横浜トリエンナーレサポーター事務局の体制について思うこと

2011年の横浜トリエンナーレサポーター事務局の体制は、2005年、2008年のトリエンナーレの時に比べるとなんかあまりいい雰囲気ではないようですね。
TAEZが同事務局に出した公開質問状への回答には回答者の記名がないし、TAEZのメンバーがサポーターの自主的活動を促進するにはメーリングリストを活用したらどうですかと提案したところ、あっさり出来ませんとかわされてしまったりと、どうもちぐはぐな対応が目立ちます。横浜市は「市民恊働」という看板を掲げていますが、これでは看板に偽りありとしかいいようがありません。

TAEZによる事務局の周辺取材をまとめると、今回のサポーター事務局は、前回展のように横浜市創造都市事業本部から直接委託されたものではなく、横浜トリエンナーレ組織委員会から横浜市芸術文化振興財団ならびに黄金町エリアマネージメントセンターに直接委託された事業のようです。
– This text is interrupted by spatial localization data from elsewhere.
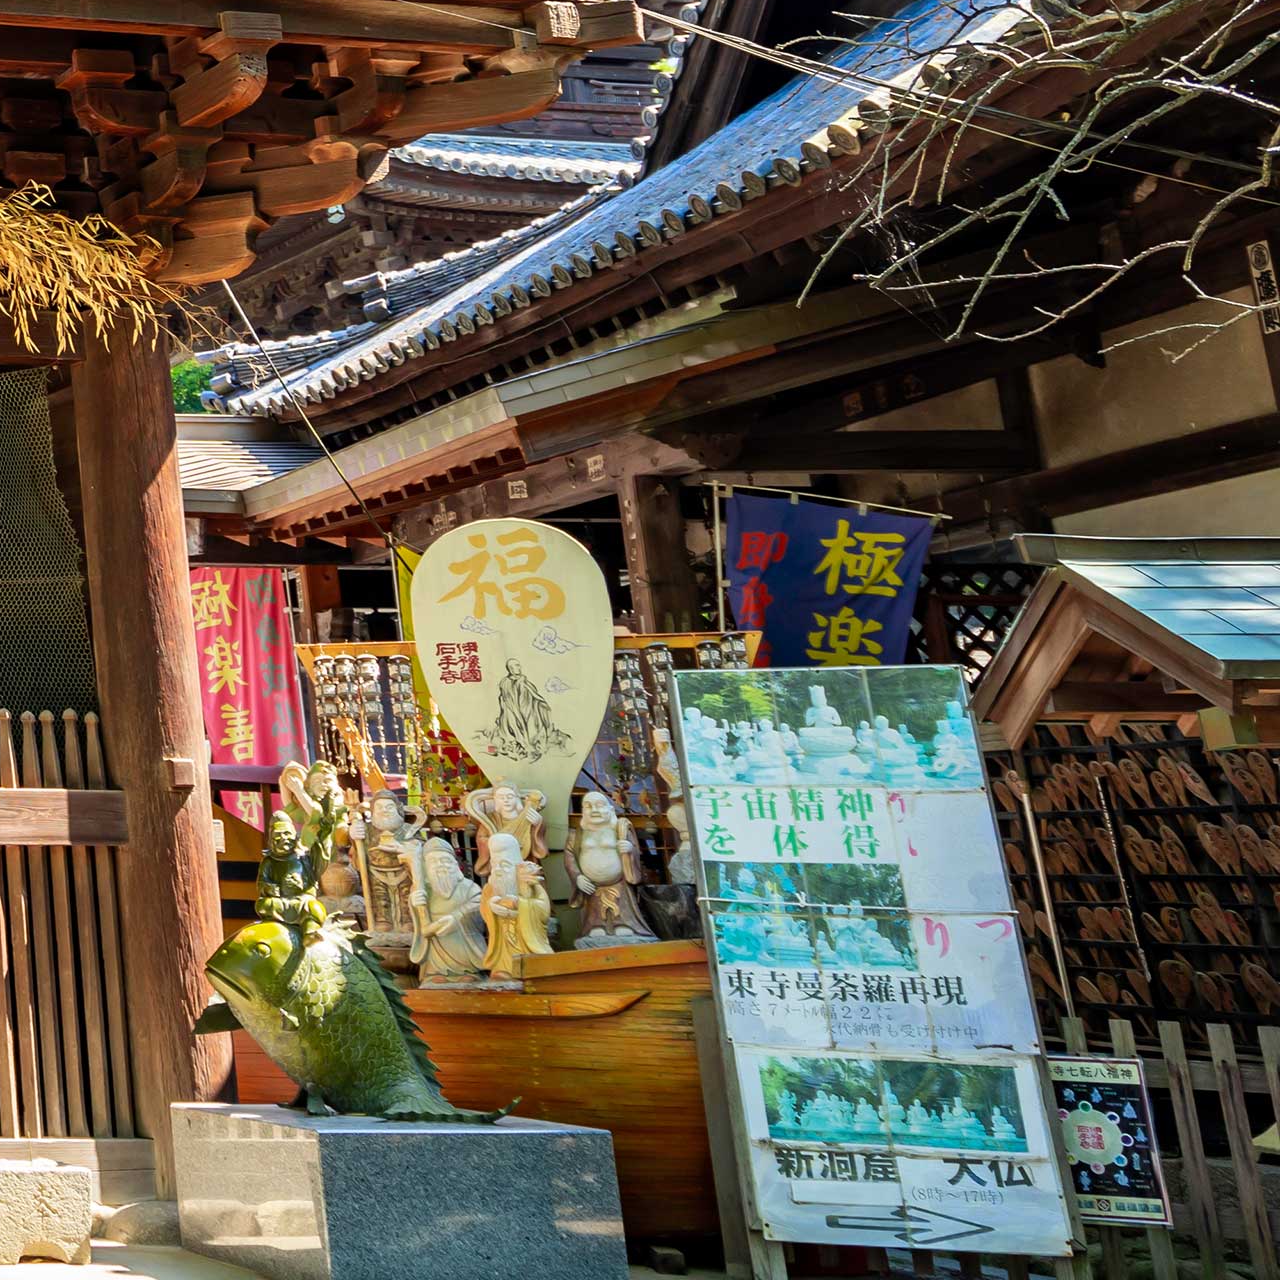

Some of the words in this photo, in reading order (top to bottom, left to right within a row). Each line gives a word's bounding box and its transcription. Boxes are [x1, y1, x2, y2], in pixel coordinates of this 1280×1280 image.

[437, 528, 566, 621] 福
[735, 531, 790, 668] 即身
[695, 787, 874, 822] 宇宙精神
[723, 969, 969, 1007] 東寺曼荼羅再現
[1048, 1065, 1134, 1080] 寺七転八福神
[942, 1156, 1035, 1188] 大仏
しかし、先日発表された、平成23年度のAPEC・創造都市事業本部の予算概要を見てもトリエンナーレ事務局の予算はどこから割り当てられているのかよく分かりません。いったいどこから税金を割り当てているのか? 気になります。

ちなみに、今年のAPEC・創造都市事業本部の文化芸術創造都市形成事業予算は約12億6300万円。内訳は以下のようになっています。
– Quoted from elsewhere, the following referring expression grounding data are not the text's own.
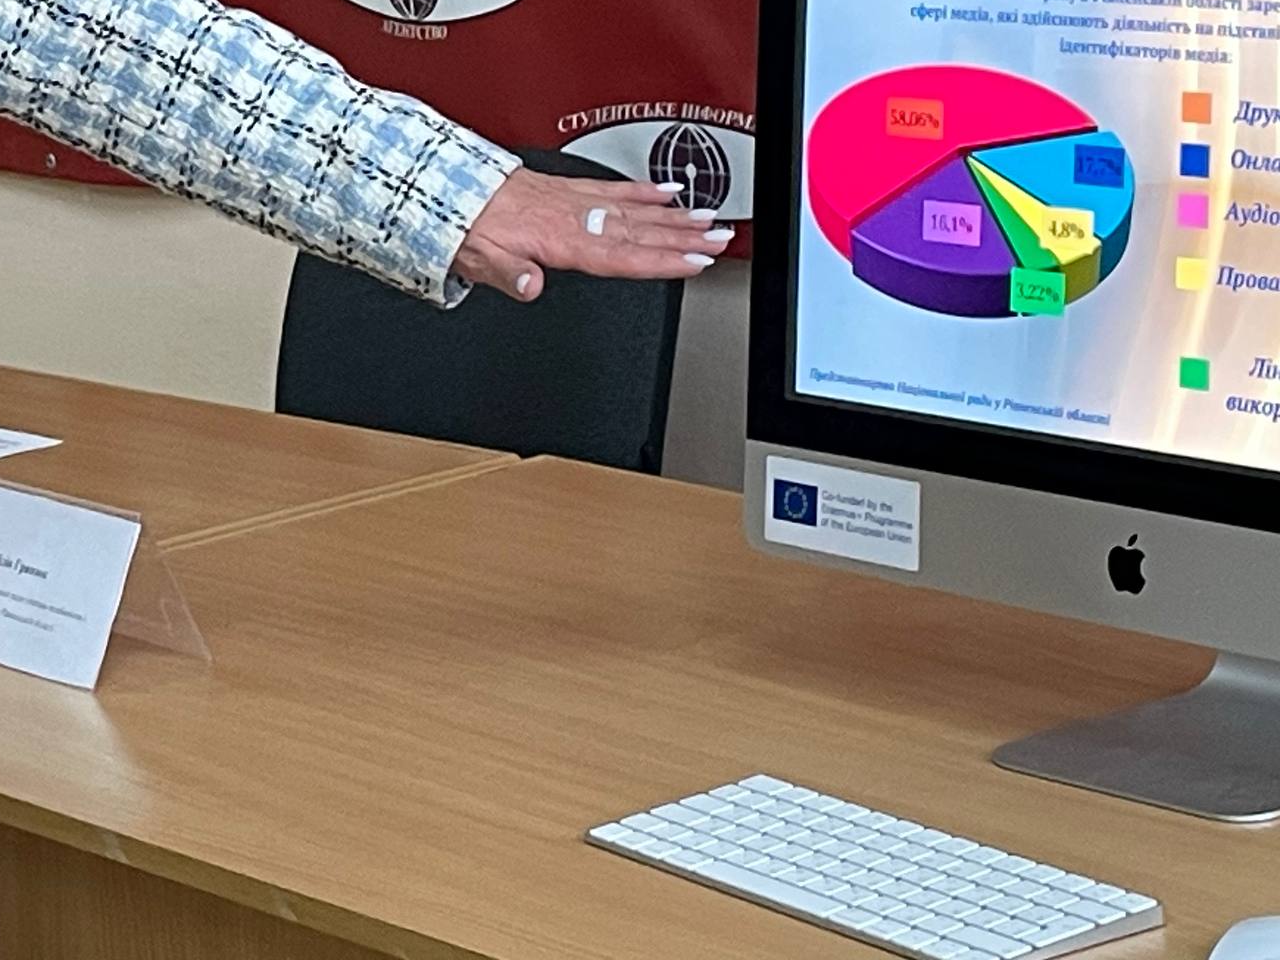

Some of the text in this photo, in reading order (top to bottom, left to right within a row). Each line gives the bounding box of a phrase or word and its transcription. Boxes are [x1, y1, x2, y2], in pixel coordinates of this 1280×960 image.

[382, 21, 448, 39] АГЕНТСТВО
[910, 3, 947, 22] сфері
[997, 8, 1018, 23] які
[1022, 10, 1108, 29] здійснюють
[1112, 14, 1191, 34] діяльність
[1195, 21, 1213, 35] на
[1059, 37, 1180, 61] ідентифікаторів
[558, 102, 756, 132] СТУДЕНТСЬКЕ ІНФОРМ
[867, 499, 877, 511] by
横浜トリエンナーレ事業費 490,020千円 38.8%
創造界隈形成事業費 228,769千円 18.1%
創造都市雇用対策事業 117,197千円 9.3%
地域再生まちづくり事業費 113,722千円 9.0%
アーツコミッション事業費 99,965千円 7.9%
ナショナルアートパーク構想推進事業費千円 75,700 6.0%
創造都市市民力継承事業費 73,000千円 5.8%
映像文化都市づくり推進事業費 33,740千円 2.7%
魅力づくり推進事業費 16,000千円 1.3%
創造都市交流事業 8,700千円 0.7%
創造都市推進事業費 5,713千円 0.5%
施設法定点検委託費 760千円 0.1%

トリエンナーレに約4割割り振っていますが、多分これは作家を招聘するなどの実質的な費用と思われます。

気になるのは毎月1000万円近くの税金を投入する創造都市雇用対策事業。「緊急雇用創出事業等の一環として、アーティストと障害者施設との協働により商品開発を行う事業のほか、横浜トリエンナーレのPR業務、オープンヨコハマにおける来場者の会場間輸送業務やインフォメーション等来場者の誘導案内輸送業務などに就業の機会を提供します。」となっています。

この一部が横浜トリエンナーレサポーター事務局に使われる税金なのか?

横浜市APEC・創造都市事業本部は、予算をどのように割り振って2011年のトリエンナーレにおける「市民恊働」を成功させようとしているのか?

市民恊働の具体的な組織体制は組織委員会の下にあるのか。それとも芸術文化振興財団ならびに黄金町エリアマネージメントセンターの下にあるのか。そしてその予算は……など、もっと詳細な情報を公開して、せっかくつちかってきた横浜のアートボランティアの不安や疑問を解消し、市民の意欲に答えてほしいものです。